# DESCRIPTION OF THE TASK:
The entries are to be repeated in full, without any change.

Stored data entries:
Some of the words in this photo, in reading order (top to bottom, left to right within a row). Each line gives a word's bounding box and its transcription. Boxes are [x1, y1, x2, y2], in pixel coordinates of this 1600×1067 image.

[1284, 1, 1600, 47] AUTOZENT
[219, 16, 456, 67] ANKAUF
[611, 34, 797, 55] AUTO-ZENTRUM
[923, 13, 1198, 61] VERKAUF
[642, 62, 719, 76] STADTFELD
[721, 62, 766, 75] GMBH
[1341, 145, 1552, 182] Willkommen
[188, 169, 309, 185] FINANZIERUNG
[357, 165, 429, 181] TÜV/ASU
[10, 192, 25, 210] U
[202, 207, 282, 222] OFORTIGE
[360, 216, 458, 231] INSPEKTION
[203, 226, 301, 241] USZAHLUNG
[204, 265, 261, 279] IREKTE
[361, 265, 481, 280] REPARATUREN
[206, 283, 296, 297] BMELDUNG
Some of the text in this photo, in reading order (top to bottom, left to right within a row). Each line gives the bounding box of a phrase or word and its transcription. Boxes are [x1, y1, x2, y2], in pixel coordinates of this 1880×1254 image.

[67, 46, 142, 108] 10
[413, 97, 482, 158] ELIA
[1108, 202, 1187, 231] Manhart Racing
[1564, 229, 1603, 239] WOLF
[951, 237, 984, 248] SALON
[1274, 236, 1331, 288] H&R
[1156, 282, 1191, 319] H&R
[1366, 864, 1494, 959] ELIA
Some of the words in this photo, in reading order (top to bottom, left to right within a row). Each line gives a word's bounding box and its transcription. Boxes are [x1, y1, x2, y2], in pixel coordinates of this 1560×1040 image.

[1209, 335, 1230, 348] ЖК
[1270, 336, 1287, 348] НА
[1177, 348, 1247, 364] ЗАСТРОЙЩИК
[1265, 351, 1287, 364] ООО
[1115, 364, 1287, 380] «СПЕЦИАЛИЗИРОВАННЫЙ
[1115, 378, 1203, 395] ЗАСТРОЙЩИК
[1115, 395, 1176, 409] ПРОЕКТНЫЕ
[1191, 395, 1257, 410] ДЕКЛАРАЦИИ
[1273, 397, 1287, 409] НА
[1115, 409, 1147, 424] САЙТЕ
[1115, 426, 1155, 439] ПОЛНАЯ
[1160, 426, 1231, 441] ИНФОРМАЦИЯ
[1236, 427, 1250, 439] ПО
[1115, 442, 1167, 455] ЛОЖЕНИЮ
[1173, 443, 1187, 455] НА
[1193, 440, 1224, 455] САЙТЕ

# EXERCISE OUTPUT:
Some of the words in this photo, in reading order (top to bottom, left to right within a row). Each line gives a word's bounding box and its transcription. Boxes are [x1, y1, x2, y2], in pixel coordinates of this 1600×1067 image.

[1284, 1, 1600, 47] AUTOZENT
[219, 16, 456, 67] ANKAUF
[611, 34, 797, 55] AUTO-ZENTRUM
[923, 13, 1198, 61] VERKAUF
[642, 62, 719, 76] STADTFELD
[721, 62, 766, 75] GMBH
[1341, 145, 1552, 182] Willkommen
[188, 169, 309, 185] FINANZIERUNG
[357, 165, 429, 181] TÜV/ASU
[10, 192, 25, 210] U
[202, 207, 282, 222] OFORTIGE
[360, 216, 458, 231] INSPEKTION
[203, 226, 301, 241] USZAHLUNG
[204, 265, 261, 279] IREKTE
[361, 265, 481, 280] REPARATUREN
[206, 283, 296, 297] BMELDUNG
Some of the text in this photo, in reading order (top to bottom, left to right within a row). Each line gives the bounding box of a phrase or word and its transcription. Boxes are [x1, y1, x2, y2], in pixel coordinates of this 1880×1254 image.

[67, 46, 142, 108] 10
[413, 97, 482, 158] ELIA
[1108, 202, 1187, 231] Manhart Racing
[1564, 229, 1603, 239] WOLF
[951, 237, 984, 248] SALON
[1274, 236, 1331, 288] H&R
[1156, 282, 1191, 319] H&R
[1366, 864, 1494, 959] ELIA
Some of the words in this photo, in reading order (top to bottom, left to right within a row). Each line gives a word's bounding box and its transcription. Boxes are [x1, y1, x2, y2], in pixel coordinates of this 1560×1040 image.

[1209, 335, 1230, 348] ЖК
[1270, 336, 1287, 348] НА
[1177, 348, 1247, 364] ЗАСТРОЙЩИК
[1265, 351, 1287, 364] ООО
[1115, 364, 1287, 380] «СПЕЦИАЛИЗИРОВАННЫЙ
[1115, 378, 1203, 395] ЗАСТРОЙЩИК
[1115, 395, 1176, 409] ПРОЕКТНЫЕ
[1191, 395, 1257, 410] ДЕКЛАРАЦИИ
[1273, 397, 1287, 409] НА
[1115, 409, 1147, 424] САЙТЕ
[1115, 426, 1155, 439] ПОЛНАЯ
[1160, 426, 1231, 441] ИНФОРМАЦИЯ
[1236, 427, 1250, 439] ПО
[1115, 442, 1167, 455] ЛОЖЕНИЮ
[1173, 443, 1187, 455] НА
[1193, 440, 1224, 455] САЙТЕ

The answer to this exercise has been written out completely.